§ DATA FOR THIS EXERCISE

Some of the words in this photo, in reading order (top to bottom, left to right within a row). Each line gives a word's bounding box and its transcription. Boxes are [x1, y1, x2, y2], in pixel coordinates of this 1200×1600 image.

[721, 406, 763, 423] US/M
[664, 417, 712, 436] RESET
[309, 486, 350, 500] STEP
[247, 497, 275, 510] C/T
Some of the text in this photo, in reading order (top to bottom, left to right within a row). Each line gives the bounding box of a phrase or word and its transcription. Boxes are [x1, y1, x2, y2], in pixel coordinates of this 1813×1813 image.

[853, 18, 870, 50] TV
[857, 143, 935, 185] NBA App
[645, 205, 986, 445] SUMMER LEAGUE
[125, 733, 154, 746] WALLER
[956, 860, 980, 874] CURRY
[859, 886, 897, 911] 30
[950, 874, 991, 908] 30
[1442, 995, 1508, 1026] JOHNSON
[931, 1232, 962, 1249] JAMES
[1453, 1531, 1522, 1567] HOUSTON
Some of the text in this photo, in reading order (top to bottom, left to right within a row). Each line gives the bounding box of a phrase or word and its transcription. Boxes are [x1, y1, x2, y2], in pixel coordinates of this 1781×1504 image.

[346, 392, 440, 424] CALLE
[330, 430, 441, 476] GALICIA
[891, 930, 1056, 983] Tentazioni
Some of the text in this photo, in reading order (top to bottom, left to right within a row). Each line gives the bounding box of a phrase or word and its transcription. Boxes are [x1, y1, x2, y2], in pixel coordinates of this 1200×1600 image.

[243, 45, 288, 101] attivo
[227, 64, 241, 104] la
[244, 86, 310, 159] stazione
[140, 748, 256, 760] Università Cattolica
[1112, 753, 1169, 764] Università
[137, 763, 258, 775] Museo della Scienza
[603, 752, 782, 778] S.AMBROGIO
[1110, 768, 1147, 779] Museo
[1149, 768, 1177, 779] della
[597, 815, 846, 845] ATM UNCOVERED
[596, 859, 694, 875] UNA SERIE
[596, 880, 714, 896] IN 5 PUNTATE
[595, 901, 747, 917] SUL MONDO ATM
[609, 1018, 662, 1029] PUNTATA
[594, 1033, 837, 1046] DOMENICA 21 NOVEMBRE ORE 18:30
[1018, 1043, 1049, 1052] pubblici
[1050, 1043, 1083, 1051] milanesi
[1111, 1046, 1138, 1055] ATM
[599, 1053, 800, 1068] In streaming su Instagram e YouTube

§ WORK REQUIRED
Write all of the records out again exactly.

§ ANSWER BOX
Some of the words in this photo, in reading order (top to bottom, left to right within a row). Each line gives a word's bounding box and its transcription. Boxes are [x1, y1, x2, y2], in pixel coordinates of this 1200×1600 image.

[721, 406, 763, 423] US/M
[664, 417, 712, 436] RESET
[309, 486, 350, 500] STEP
[247, 497, 275, 510] C/T
Some of the text in this photo, in reading order (top to bottom, left to right within a row). Each line gives the bounding box of a phrase or word and its transcription. Boxes are [x1, y1, x2, y2], in pixel coordinates of this 1813×1813 image.

[853, 18, 870, 50] TV
[857, 143, 935, 185] NBA App
[645, 205, 986, 445] SUMMER LEAGUE
[125, 733, 154, 746] WALLER
[956, 860, 980, 874] CURRY
[859, 886, 897, 911] 30
[950, 874, 991, 908] 30
[1442, 995, 1508, 1026] JOHNSON
[931, 1232, 962, 1249] JAMES
[1453, 1531, 1522, 1567] HOUSTON
Some of the text in this photo, in reading order (top to bottom, left to right within a row). Each line gives the bounding box of a phrase or word and its transcription. Boxes are [x1, y1, x2, y2], in pixel coordinates of this 1781×1504 image.

[346, 392, 440, 424] CALLE
[330, 430, 441, 476] GALICIA
[891, 930, 1056, 983] Tentazioni
Some of the text in this photo, in reading order (top to bottom, left to right within a row). Each line gives the bounding box of a phrase or word and its transcription. Boxes are [x1, y1, x2, y2], in pixel coordinates of this 1200×1600 image.

[243, 45, 288, 101] attivo
[227, 64, 241, 104] la
[244, 86, 310, 159] stazione
[140, 748, 256, 760] Università Cattolica
[1112, 753, 1169, 764] Università
[137, 763, 258, 775] Museo della Scienza
[603, 752, 782, 778] S.AMBROGIO
[1110, 768, 1147, 779] Museo
[1149, 768, 1177, 779] della
[597, 815, 846, 845] ATM UNCOVERED
[596, 859, 694, 875] UNA SERIE
[596, 880, 714, 896] IN 5 PUNTATE
[595, 901, 747, 917] SUL MONDO ATM
[609, 1018, 662, 1029] PUNTATA
[594, 1033, 837, 1046] DOMENICA 21 NOVEMBRE ORE 18:30
[1018, 1043, 1049, 1052] pubblici
[1050, 1043, 1083, 1051] milanesi
[1111, 1046, 1138, 1055] ATM
[599, 1053, 800, 1068] In streaming su Instagram e YouTube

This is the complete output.